▶ _AIM OF THE EXERCISE_:
Only the pictures should be dropped; every line of the data must come back exactly as written.

▶ _MATERIAL FOR THIS TASK_:
== == ==
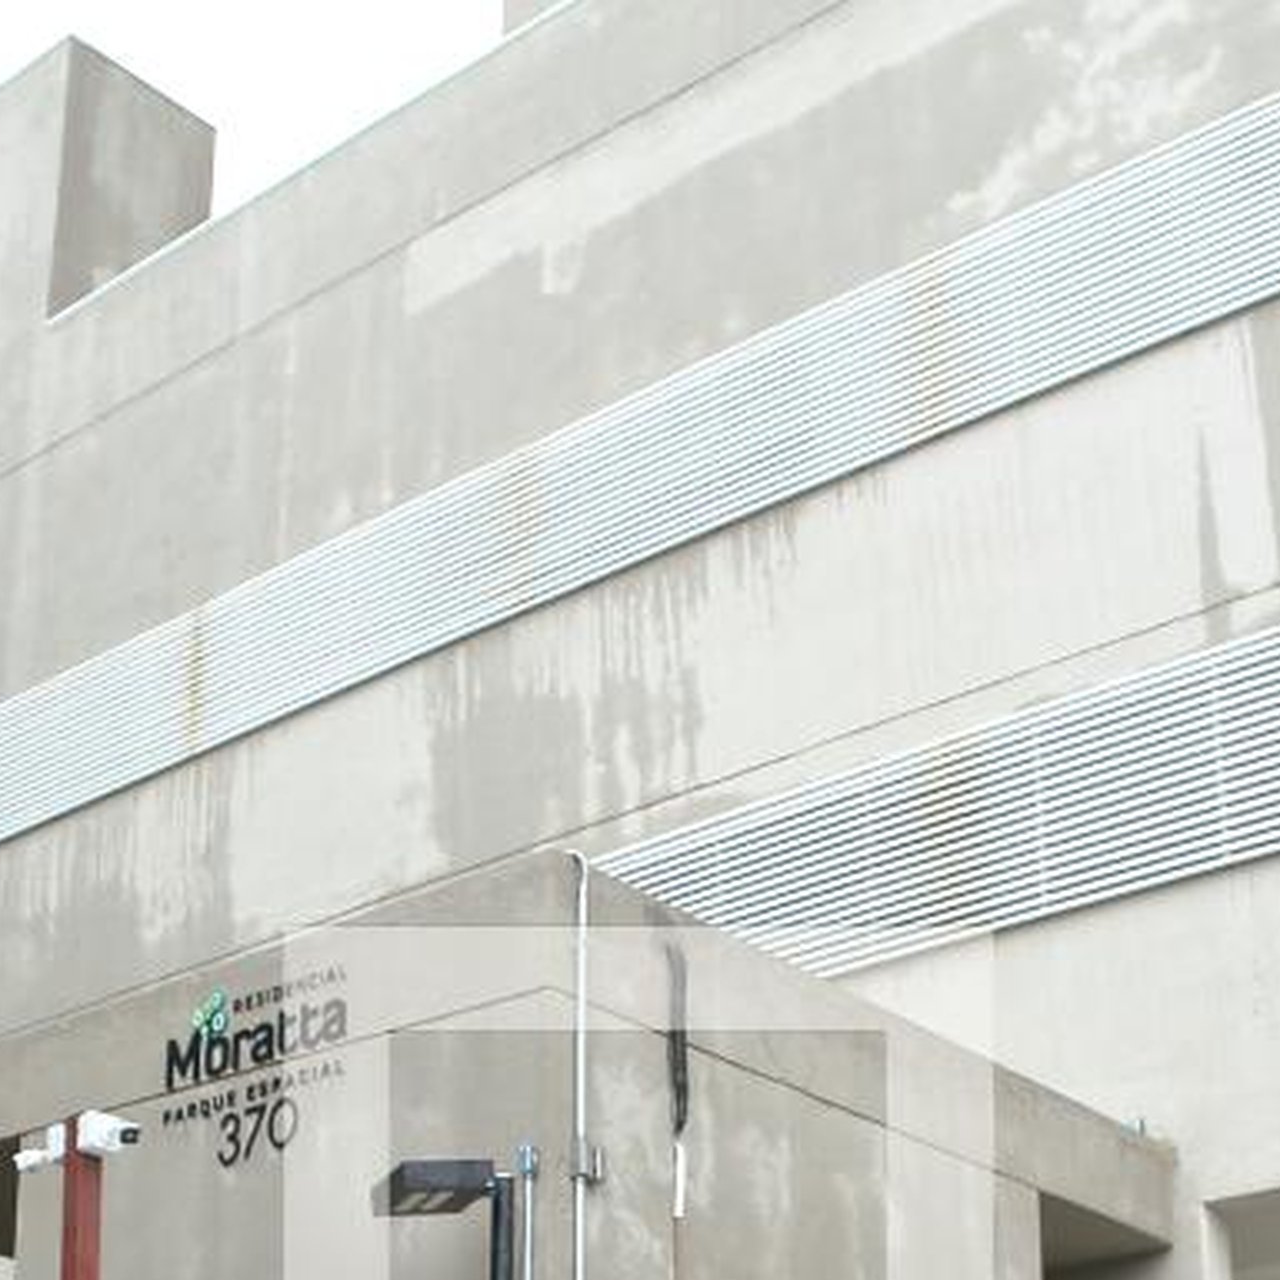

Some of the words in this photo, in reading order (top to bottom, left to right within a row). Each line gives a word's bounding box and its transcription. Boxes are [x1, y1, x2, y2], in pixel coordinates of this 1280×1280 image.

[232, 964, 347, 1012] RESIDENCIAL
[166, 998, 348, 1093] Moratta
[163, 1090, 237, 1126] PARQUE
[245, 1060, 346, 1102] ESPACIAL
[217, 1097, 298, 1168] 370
== == ==
▶ _PROBLEM SOLUTION_:
Some of the words in this photo, in reading order (top to bottom, left to right within a row). Each line gives a word's bounding box and its transcription. Boxes are [x1, y1, x2, y2], in pixel coordinates of this 1280×1280 image.

[232, 964, 347, 1012] RESIDENCIAL
[166, 998, 348, 1093] Moratta
[163, 1090, 237, 1126] PARQUE
[245, 1060, 346, 1102] ESPACIAL
[217, 1097, 298, 1168] 370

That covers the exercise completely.